Sarah Blotcky performed as a "dramatic reciter" in the midwest before going to New York. Sarah Biala's first Broadway show was A Citizen's Home (1909). She continued to appear on Broadway, with roles in Baby Mine (1910), The Clouds (1911), The Ghost Breaker (1913), Pilate's Daughter (1914), Some Baby! (1915), Paganini (1916), The Torches (1917), and The Broken Chain (1929). During World War I she appeared in two topical dramas: War Brides (1916), and The Weaker One (1918). She also appeared in Mary Magdalene and The Snow Storm at the Hackett Theatre in New York, and in Three Spoonfuls in London in 1915. She appeared in several silent films, including The Heart of a Gypsy (1919), The Fear Market (1920), and The Law of the Yukon (1920).

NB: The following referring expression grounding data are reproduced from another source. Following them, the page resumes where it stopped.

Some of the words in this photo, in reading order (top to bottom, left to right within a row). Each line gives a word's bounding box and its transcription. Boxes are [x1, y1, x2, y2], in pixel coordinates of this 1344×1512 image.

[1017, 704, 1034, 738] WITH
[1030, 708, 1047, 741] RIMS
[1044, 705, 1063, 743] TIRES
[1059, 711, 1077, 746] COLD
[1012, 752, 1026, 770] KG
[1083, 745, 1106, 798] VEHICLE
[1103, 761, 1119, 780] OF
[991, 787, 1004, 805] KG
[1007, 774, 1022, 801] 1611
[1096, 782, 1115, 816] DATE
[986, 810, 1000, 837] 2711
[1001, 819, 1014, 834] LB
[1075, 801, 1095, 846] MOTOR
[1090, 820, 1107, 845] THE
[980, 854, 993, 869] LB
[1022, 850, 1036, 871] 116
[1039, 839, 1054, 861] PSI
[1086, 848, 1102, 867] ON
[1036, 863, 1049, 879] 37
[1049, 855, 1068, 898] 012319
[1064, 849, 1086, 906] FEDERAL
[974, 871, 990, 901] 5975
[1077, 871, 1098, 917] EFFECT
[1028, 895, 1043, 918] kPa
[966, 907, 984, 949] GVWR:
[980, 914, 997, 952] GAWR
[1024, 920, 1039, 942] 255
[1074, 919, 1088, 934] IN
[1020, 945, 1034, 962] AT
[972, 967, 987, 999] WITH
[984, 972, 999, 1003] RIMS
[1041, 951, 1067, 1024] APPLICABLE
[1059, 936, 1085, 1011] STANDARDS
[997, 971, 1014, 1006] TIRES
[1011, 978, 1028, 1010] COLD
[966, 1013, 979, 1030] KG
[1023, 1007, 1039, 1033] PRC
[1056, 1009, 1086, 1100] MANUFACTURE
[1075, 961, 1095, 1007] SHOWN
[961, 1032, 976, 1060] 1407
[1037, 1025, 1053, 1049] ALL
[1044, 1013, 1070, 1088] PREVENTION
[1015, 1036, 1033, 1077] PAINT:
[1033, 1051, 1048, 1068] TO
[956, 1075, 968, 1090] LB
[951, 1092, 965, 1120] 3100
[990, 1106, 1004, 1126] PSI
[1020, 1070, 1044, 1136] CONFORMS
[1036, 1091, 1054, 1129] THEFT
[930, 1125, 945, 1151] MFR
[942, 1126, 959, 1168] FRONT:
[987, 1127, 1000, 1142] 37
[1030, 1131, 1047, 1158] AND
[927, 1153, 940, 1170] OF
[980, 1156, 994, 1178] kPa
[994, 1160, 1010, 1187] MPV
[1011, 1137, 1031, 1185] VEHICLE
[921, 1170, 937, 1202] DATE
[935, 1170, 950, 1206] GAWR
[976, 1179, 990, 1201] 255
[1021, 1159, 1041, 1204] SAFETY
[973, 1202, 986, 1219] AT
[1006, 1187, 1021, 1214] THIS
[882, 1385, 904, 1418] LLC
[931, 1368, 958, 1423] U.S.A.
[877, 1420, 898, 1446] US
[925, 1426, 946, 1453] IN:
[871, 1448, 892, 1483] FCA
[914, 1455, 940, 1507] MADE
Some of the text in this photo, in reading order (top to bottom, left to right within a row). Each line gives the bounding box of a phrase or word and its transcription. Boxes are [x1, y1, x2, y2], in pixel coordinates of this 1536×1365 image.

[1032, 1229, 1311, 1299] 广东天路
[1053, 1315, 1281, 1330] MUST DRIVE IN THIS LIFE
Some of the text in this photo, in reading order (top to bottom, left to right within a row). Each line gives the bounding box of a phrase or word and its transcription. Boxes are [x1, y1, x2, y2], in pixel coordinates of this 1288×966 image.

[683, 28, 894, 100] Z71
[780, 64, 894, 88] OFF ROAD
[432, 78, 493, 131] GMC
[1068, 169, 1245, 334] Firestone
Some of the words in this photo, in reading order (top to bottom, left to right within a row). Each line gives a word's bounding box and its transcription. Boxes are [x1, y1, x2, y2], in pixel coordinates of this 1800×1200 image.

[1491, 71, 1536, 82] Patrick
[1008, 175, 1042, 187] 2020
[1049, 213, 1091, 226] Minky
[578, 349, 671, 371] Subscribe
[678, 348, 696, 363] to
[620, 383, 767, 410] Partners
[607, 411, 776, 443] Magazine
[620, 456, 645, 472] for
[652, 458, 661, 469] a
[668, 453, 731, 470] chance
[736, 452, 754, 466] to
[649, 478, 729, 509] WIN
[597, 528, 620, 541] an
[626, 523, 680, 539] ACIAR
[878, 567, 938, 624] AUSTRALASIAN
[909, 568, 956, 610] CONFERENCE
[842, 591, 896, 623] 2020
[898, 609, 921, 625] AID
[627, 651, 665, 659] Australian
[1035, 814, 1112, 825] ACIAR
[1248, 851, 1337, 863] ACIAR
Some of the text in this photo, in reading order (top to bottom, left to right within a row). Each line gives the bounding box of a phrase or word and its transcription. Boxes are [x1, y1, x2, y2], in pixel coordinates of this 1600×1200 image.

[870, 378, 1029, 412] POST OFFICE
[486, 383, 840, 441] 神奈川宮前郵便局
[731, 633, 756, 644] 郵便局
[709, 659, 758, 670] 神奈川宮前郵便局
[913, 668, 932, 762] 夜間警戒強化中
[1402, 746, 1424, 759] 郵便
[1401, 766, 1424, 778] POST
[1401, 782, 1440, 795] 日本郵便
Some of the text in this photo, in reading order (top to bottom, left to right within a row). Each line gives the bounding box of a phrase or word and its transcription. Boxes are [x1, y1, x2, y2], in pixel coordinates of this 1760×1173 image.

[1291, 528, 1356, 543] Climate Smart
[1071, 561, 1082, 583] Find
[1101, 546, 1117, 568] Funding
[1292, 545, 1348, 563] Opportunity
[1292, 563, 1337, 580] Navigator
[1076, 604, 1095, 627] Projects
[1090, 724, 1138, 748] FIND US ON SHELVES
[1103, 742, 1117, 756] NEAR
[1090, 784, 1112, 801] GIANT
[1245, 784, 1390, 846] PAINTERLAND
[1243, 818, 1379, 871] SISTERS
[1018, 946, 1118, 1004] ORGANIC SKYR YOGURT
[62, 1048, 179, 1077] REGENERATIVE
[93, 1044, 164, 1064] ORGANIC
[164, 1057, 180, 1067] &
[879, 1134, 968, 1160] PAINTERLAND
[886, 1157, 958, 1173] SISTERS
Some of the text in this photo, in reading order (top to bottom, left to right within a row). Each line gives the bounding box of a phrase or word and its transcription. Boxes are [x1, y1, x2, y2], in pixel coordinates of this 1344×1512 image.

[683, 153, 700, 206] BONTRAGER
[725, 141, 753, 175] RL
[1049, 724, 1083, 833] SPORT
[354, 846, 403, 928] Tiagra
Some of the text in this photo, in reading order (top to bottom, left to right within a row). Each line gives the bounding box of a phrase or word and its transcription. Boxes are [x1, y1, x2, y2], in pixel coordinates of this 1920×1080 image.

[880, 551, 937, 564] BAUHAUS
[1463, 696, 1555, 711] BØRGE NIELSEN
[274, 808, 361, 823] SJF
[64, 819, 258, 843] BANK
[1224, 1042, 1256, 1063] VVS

Biala was described as having "deep, tragic eyes". In 1910, she was refused membership in the Three Arts Club because she was Jewish. In 1934 she returned to New York to study acting with Frances Duff-Robinson.

==Personal life==
Sarah Biala married Harry D. Cohen in 1920, in Chicago. They lived in Iowa, where she sometimes gave dramatic readings. She died in 1963, aged 82 years. Her remains were buried in the Jewish cemetery in Des Moines, Iowa.